Les 15 et 16 mars 2026, le village de Tioroniaradougou ou Tioro, dans la commune de Korhogo, a vibré au rythme du « Kafoh ». Une fête qui marque la fin du cycle initiatique des jeunes de la génération 2020-2026. Cet événement culturel majeur, profondément enraciné dans la tradition sénoufo, consacre sept années de formation dans l’esprit du Poro au sein du bois sacré, véritable creuset d’apprentissage et de transmission des valeurs.

À Tioroniaradougou, cette cérémonie revêt une importance particulière. Elle symbolise le passage à l’âge adulte pour ces jeunes désormais reconnus par la communauté. À travers le Poro, ils ont été formés aux exigences du courage, de la discipline et du respect des aînés. Loin du cadre familial durant les premières étapes, puis régulièrement réunis dans le bois sacré (sinzang), ils ont appris à intégrer les fondements de la vie communautaire. « Nous apprenons la meilleure façon de vivre en pleine intelligence avec les autres tout en considérant les propos des aînés » déclare Soro Alama jeune initié interrogé sur ce qu’il aura retenu de la formation.

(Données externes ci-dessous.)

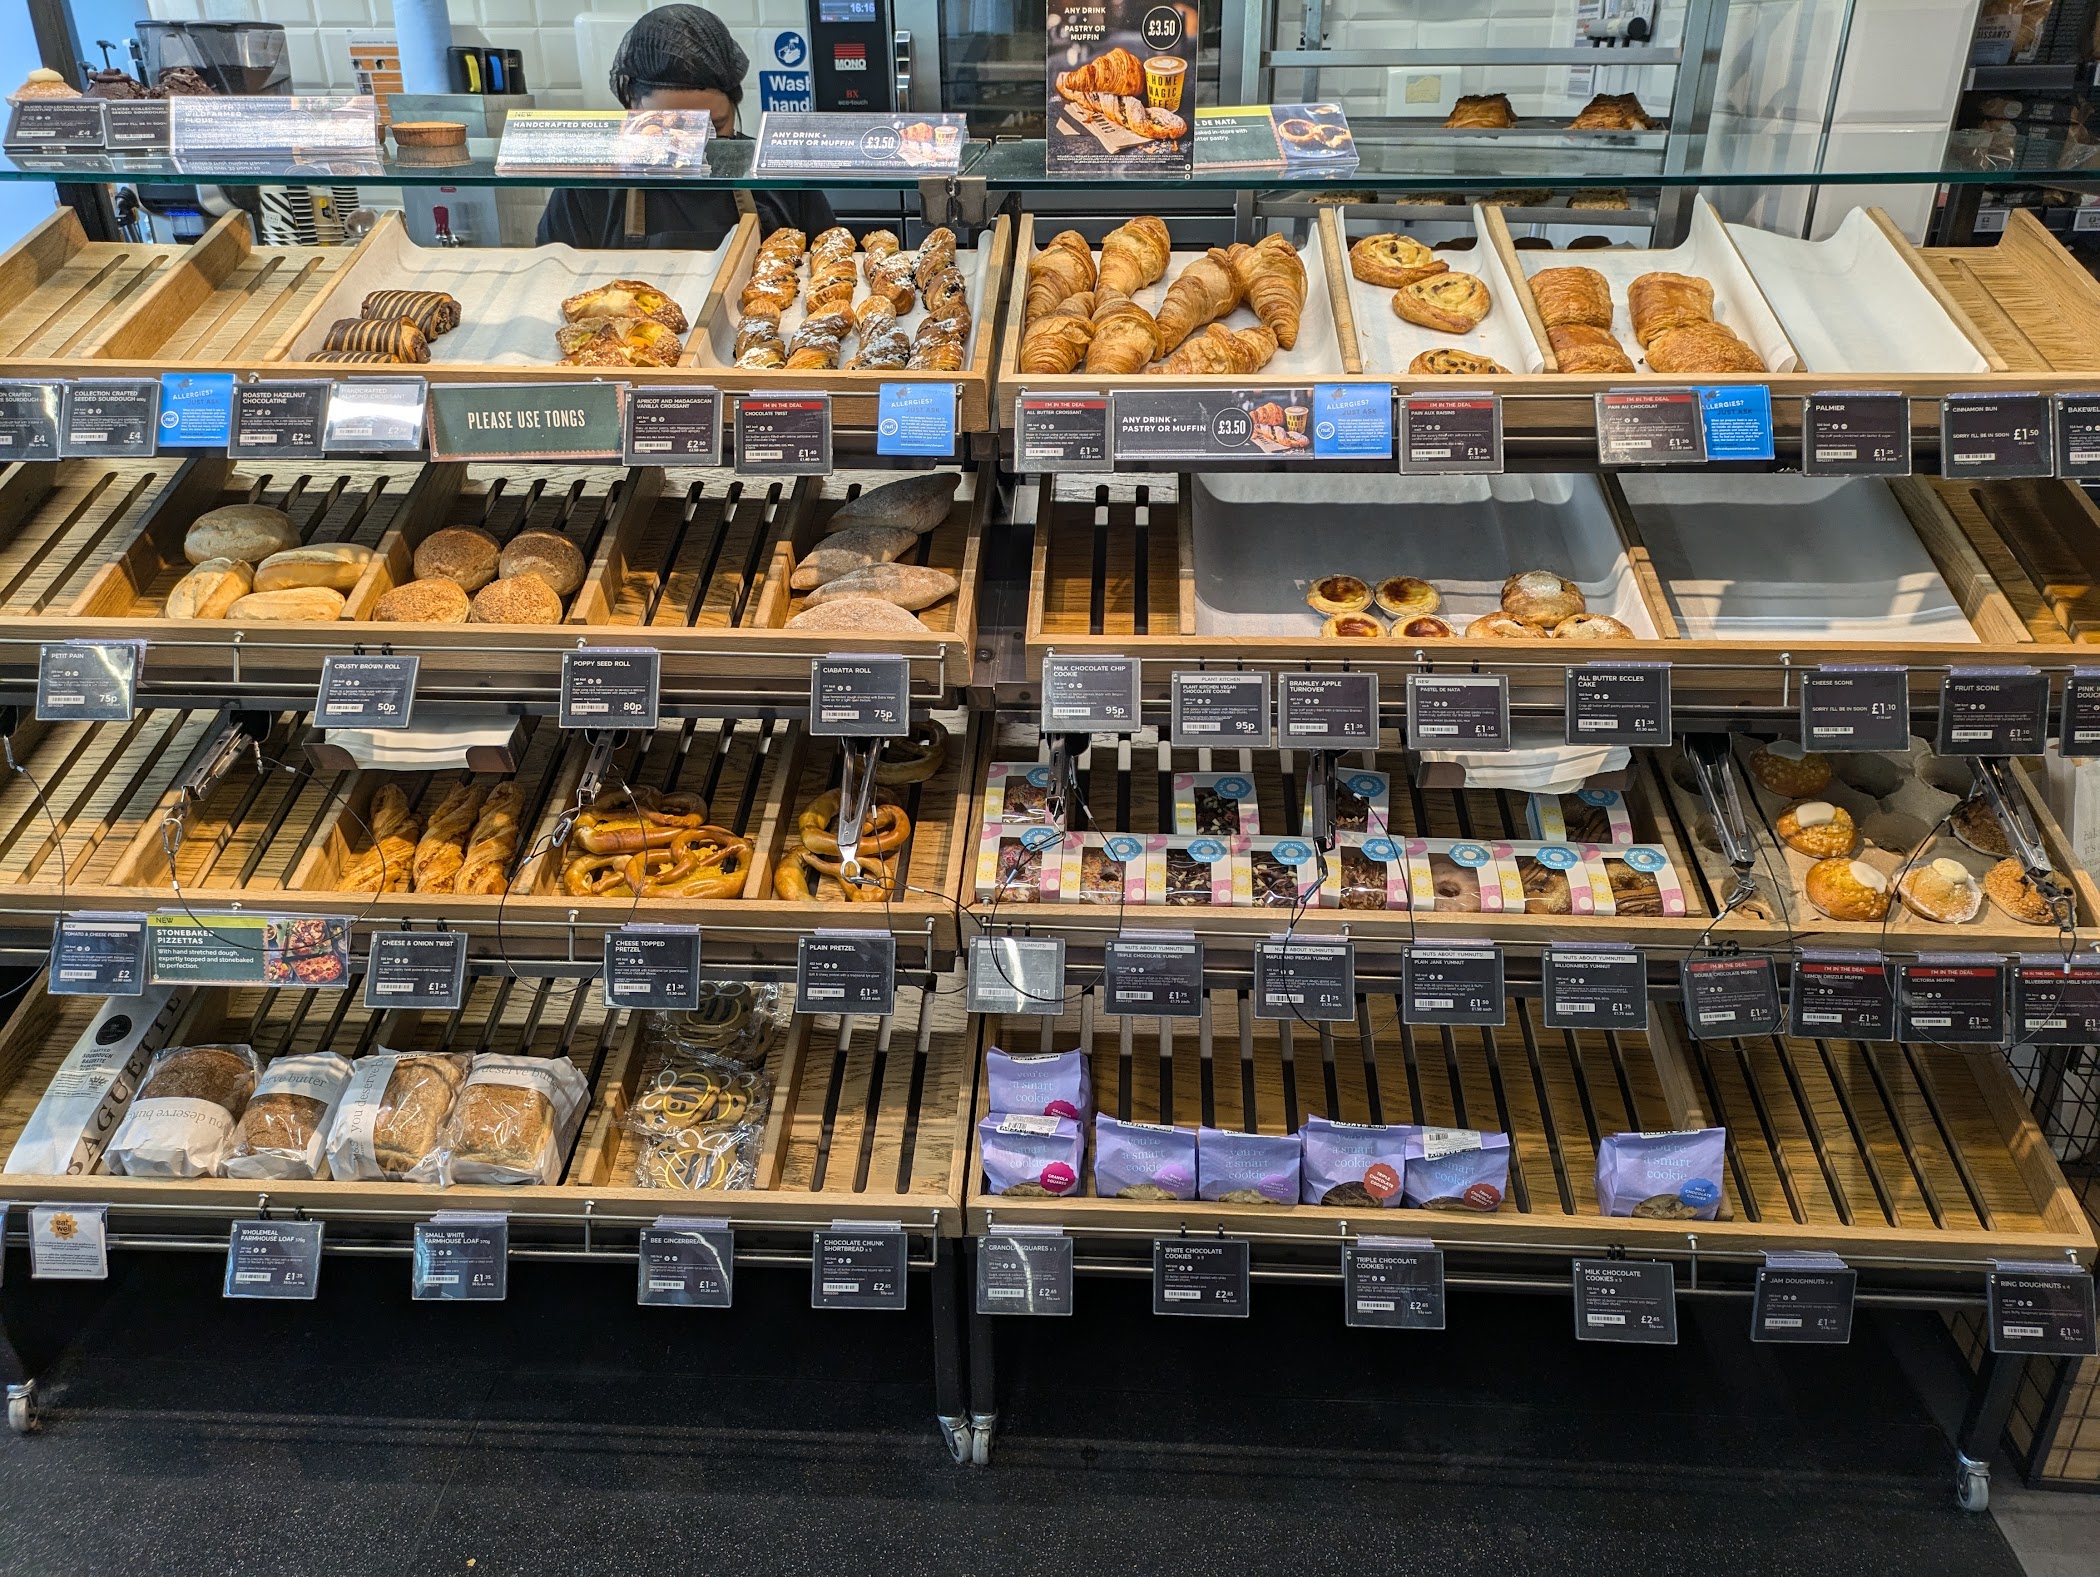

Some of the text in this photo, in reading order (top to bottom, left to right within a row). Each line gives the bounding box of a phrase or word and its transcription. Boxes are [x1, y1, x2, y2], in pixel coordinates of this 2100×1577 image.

[850, 3, 875, 13] 16:16
[1064, 25, 1093, 33] PASTRY
[1148, 20, 1176, 37] £3.50
[834, 59, 867, 69] MONO
[1152, 75, 1178, 86] HOME
[846, 90, 859, 98] BX
[1149, 85, 1177, 97] MAGIC
[1214, 118, 1237, 126] NATA
[864, 136, 896, 149] £3.50
[891, 398, 933, 408] ALLERGIES?
[467, 409, 586, 430] PLEASE USE TONGS
[1122, 424, 1207, 433] PASTRY OR MUFFIN
[1218, 420, 1246, 435] £3.50
[128, 431, 141, 440] £4
[1873, 448, 1894, 457] £1.25
[99, 694, 117, 704] 75p
[377, 703, 396, 713] 50p
[623, 702, 642, 712] 80p
[1105, 706, 1125, 717] 95p
[873, 709, 893, 720] 75p
[1474, 725, 1494, 733] £1.10
[2009, 729, 2030, 737] £1.10
[157, 929, 215, 937] STONEBAKED
[157, 936, 204, 944] PIZZETTAS
[218, 949, 239, 957] dough,
[166, 962, 199, 970] perfection.
[288, 1073, 327, 1088] butter
[157, 1108, 206, 1122] deserve
[1644, 1157, 1691, 1168] a smart
[1047, 1174, 1069, 1182] GRANOLA
[1647, 1169, 1688, 1181] cookie
[56, 1225, 71, 1233] well
[1584, 1268, 1641, 1278] MILK CHOCOLATE

Le Kafoh n’est pas qu’une fête. Aux dires de Silué Katie Léon « il est l’expression d’une identité collective forte, où les initiés célèbrent leur transformation à travers des danses, des parures et des mises en scène symboliques ». Ces manifestations traduisent leur évolution sociale : « ils deviennent des hommes capables de s’exprimer en public, de défendre les valeurs culturelles » et ainsi d’assumer des responsabilités au sein de la société.

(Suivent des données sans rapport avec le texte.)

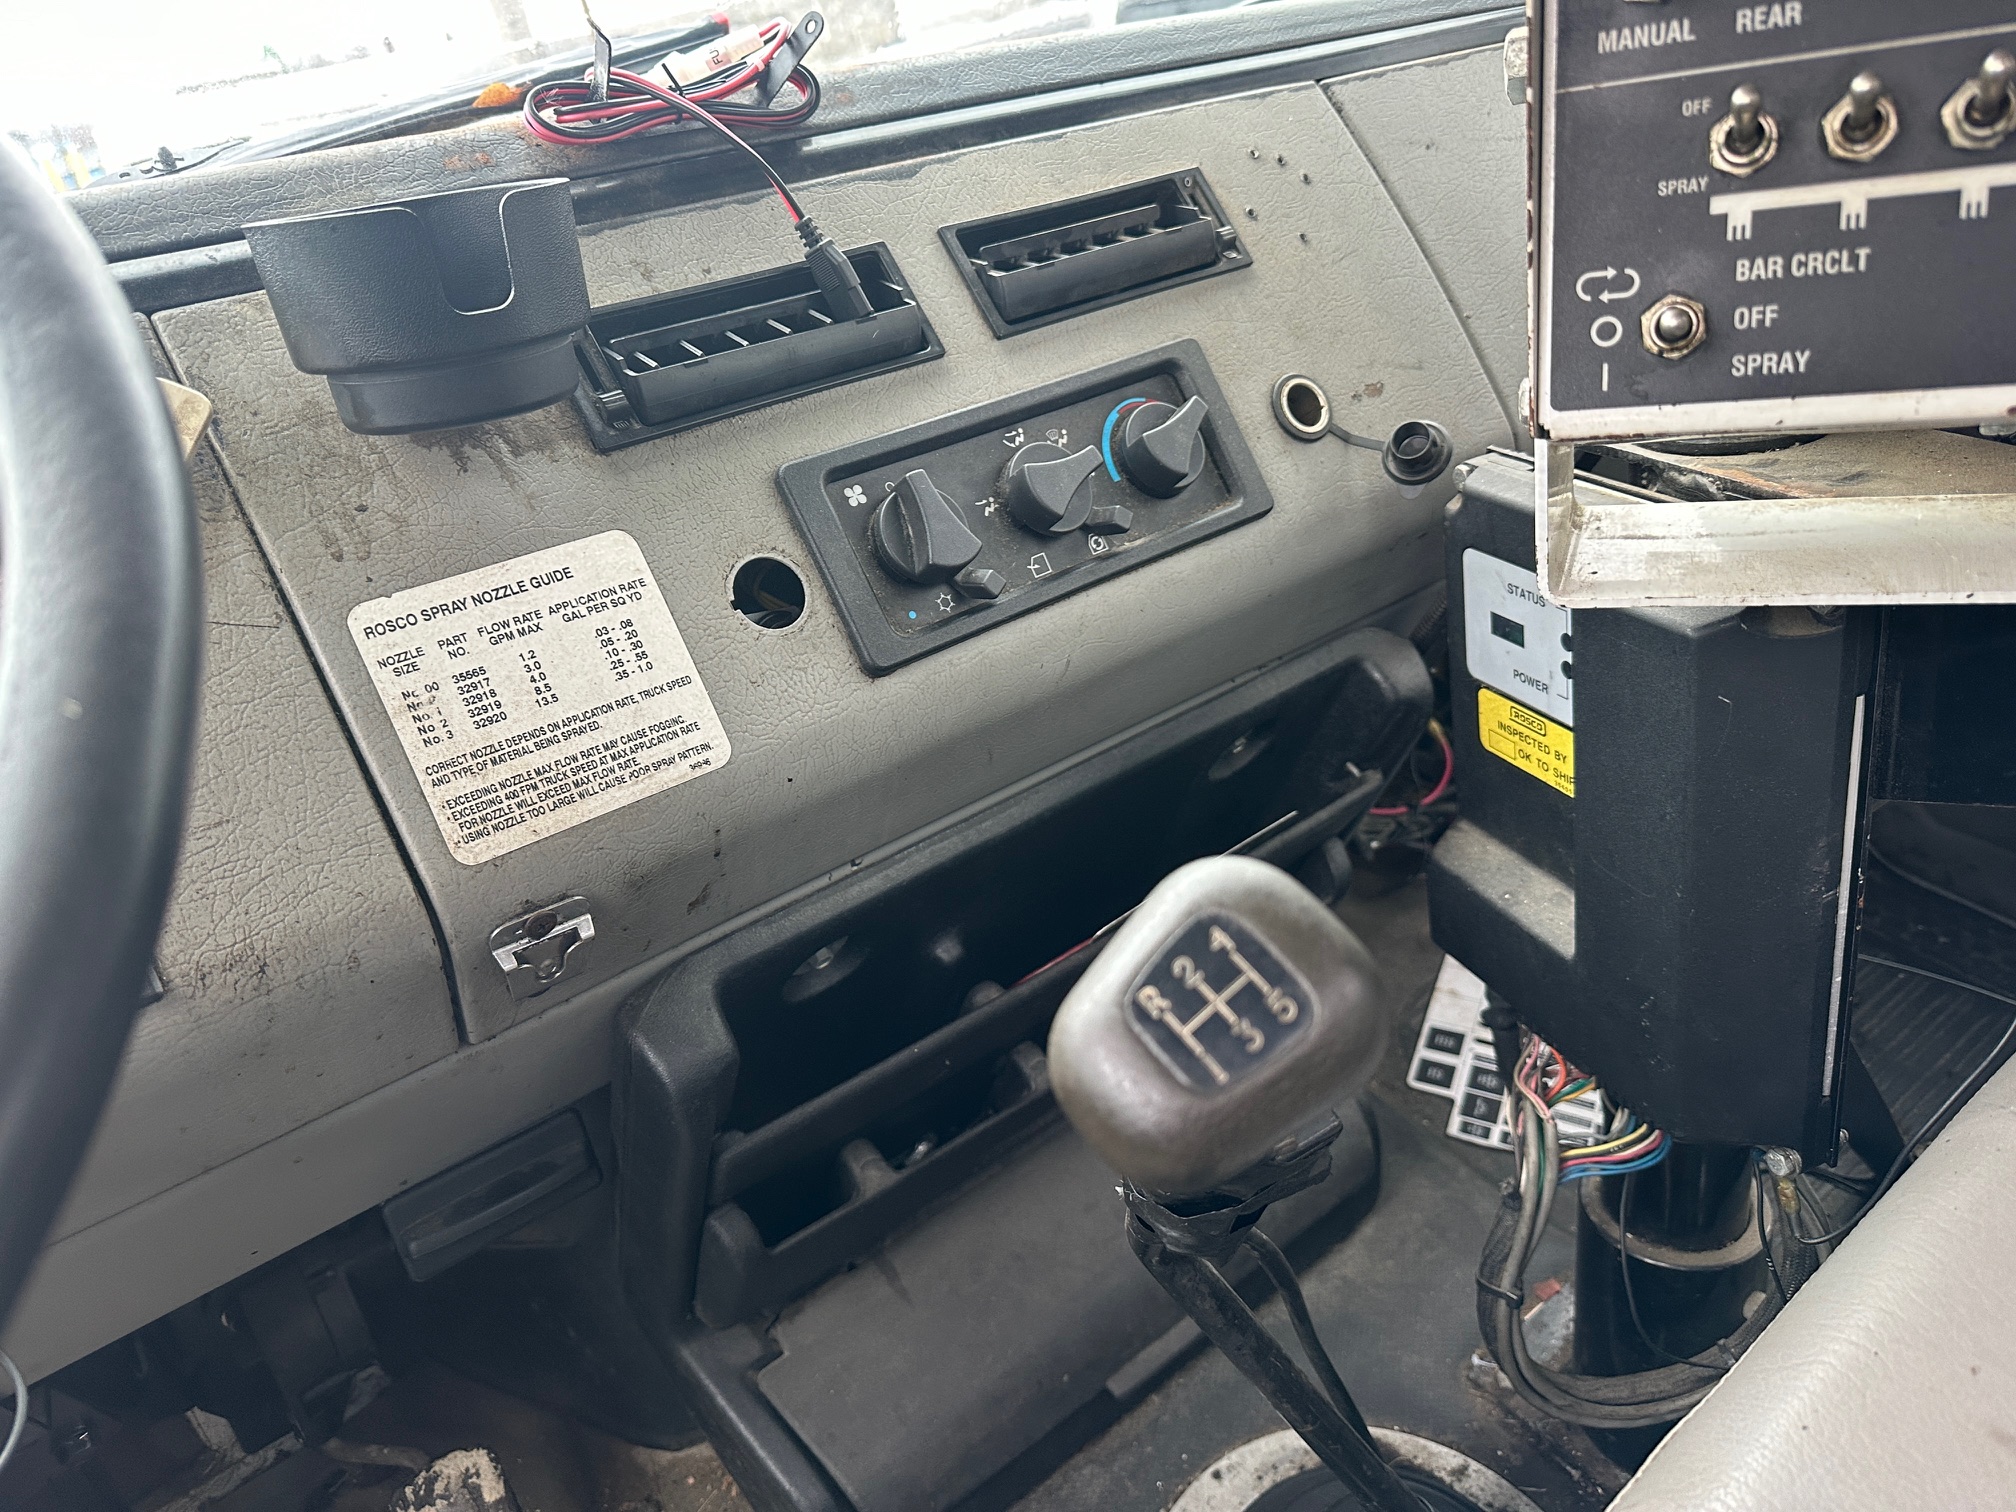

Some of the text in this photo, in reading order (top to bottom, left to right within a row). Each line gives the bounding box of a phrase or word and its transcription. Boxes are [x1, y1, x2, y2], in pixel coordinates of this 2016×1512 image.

[1598, 18, 1696, 54] MANUAL
[1736, 1, 1802, 34] REAR
[1682, 96, 1713, 116] OFF
[1658, 174, 1709, 196] SPRAY
[1736, 246, 1872, 282] BAR CRCLT
[1734, 304, 1779, 330] OFF
[1731, 348, 1811, 377] SPRAY
[363, 567, 574, 640] ROSCO SPRAY NOZZLE GUIDE
[377, 578, 647, 670] NOZZLE PART FLOW RATE APPLICATION RATE
[1507, 582, 1546, 608] STATUS
[392, 592, 642, 677] SIZE NO. GPM MAX GAL PER SQ YD
[424, 682, 440, 693] 00
[452, 666, 487, 684] 35565
[519, 650, 537, 662] 1.2
[595, 626, 610, 638] .03
[619, 619, 634, 630] .08
[457, 677, 490, 695] 32917
[524, 661, 541, 673] 3.0
[600, 637, 615, 649] .05
[625, 630, 638, 641] .20
[422, 736, 444, 748] No.
[446, 730, 454, 739] 3
[473, 711, 507, 730] 32920
[535, 694, 559, 708] 13.5
[615, 669, 630, 682] .35
[638, 662, 653, 673] 1.0
[440, 719, 449, 728] 2
[468, 700, 502, 718] 32919
[534, 683, 552, 696] 8.5
[610, 659, 625, 671] .25
[635, 651, 648, 663] .55
[462, 689, 497, 707] 32918
[530, 672, 547, 684] 4.0
[605, 648, 619, 660] .10
[630, 640, 643, 652] .30
[1513, 669, 1549, 694] POWER
[426, 676, 692, 776] CORRECT NOZZLE DEPENDS ON APPLICATION RATE, TRUCK SPEED
[1498, 720, 1567, 763] INSPECTED BY
[1514, 710, 1542, 731] ROSCO
[432, 721, 603, 788] AND TYPE OF MATERIAL BEING SPRAYED.
[446, 715, 685, 810] EXCEEDING NOZZLE MAX FLOW RATE MAY CAUSE FOGGING.
[451, 722, 701, 822] EXCEEDING 400 FPM TRUCK SPEED AT MAX APPLICATION RATE
[1518, 748, 1532, 763] OK
[1536, 758, 1549, 772] TO
[458, 757, 641, 832] FOR NOZZLE WILL EXCEED MAX FLOW RATE.
[461, 827, 491, 844] USING
[491, 813, 527, 834] NOZZLE
[526, 806, 546, 819] TOO
[546, 793, 578, 812] LARGE
[576, 786, 599, 800] WILL
[598, 774, 628, 792] CAUSE
[629, 765, 651, 781] POOR
[651, 755, 676, 771] SPRAY
[677, 742, 714, 762] PATTERN.
[1136, 924, 1236, 1020] R 2 4
[1231, 1017, 1265, 1054] 3
[1264, 986, 1298, 1025] 5

Présente lors de cette cérémonie, la famille Nalourgo, avec à sa tête Yaya Tioro, commerçant à Korhogo, a témoigné de l’importance de ce parcours initiatique. Pour ces jeunes, cette expérience est bien plus qu’un rite : elle forge le caractère, inculque la sagesse et prépare à la transmission. Demain, ils deviendront à leur tour des encadreurs, garants de la continuité des traditions.

La présence de Soro Seydou, neveu du chef de canton de Tioroniaradougou, souligne également l’intérêt des autorités coutumières pour la pérennité de ces pratiques. A titre d’information, rappelons que « Kafoh » se tient sur deux jours parce que les initiés retourne en famille dans la soirée du premier jour et reste dans le cocon familial afin de rassurer les familles et le second jours vêtus des parures somptueuses, hautes en couleur ils se font accompagner sur la grande place de leur famille respective, qui scande avec eux de très beaux chants et louanges aux ancêtres qui leur ont permis de tenir.

À l’heure où les repères évoluent, le « Kafoh » apparaît comme un pilier essentiel pour la jeunesse. Il offre un cadre structurant, une éducation morale et culturelle, et participe à la construction d’individus responsables. À Tioroniaradougou, plus qu’un héritage, le rite initiatique demeure une véritable école de vie.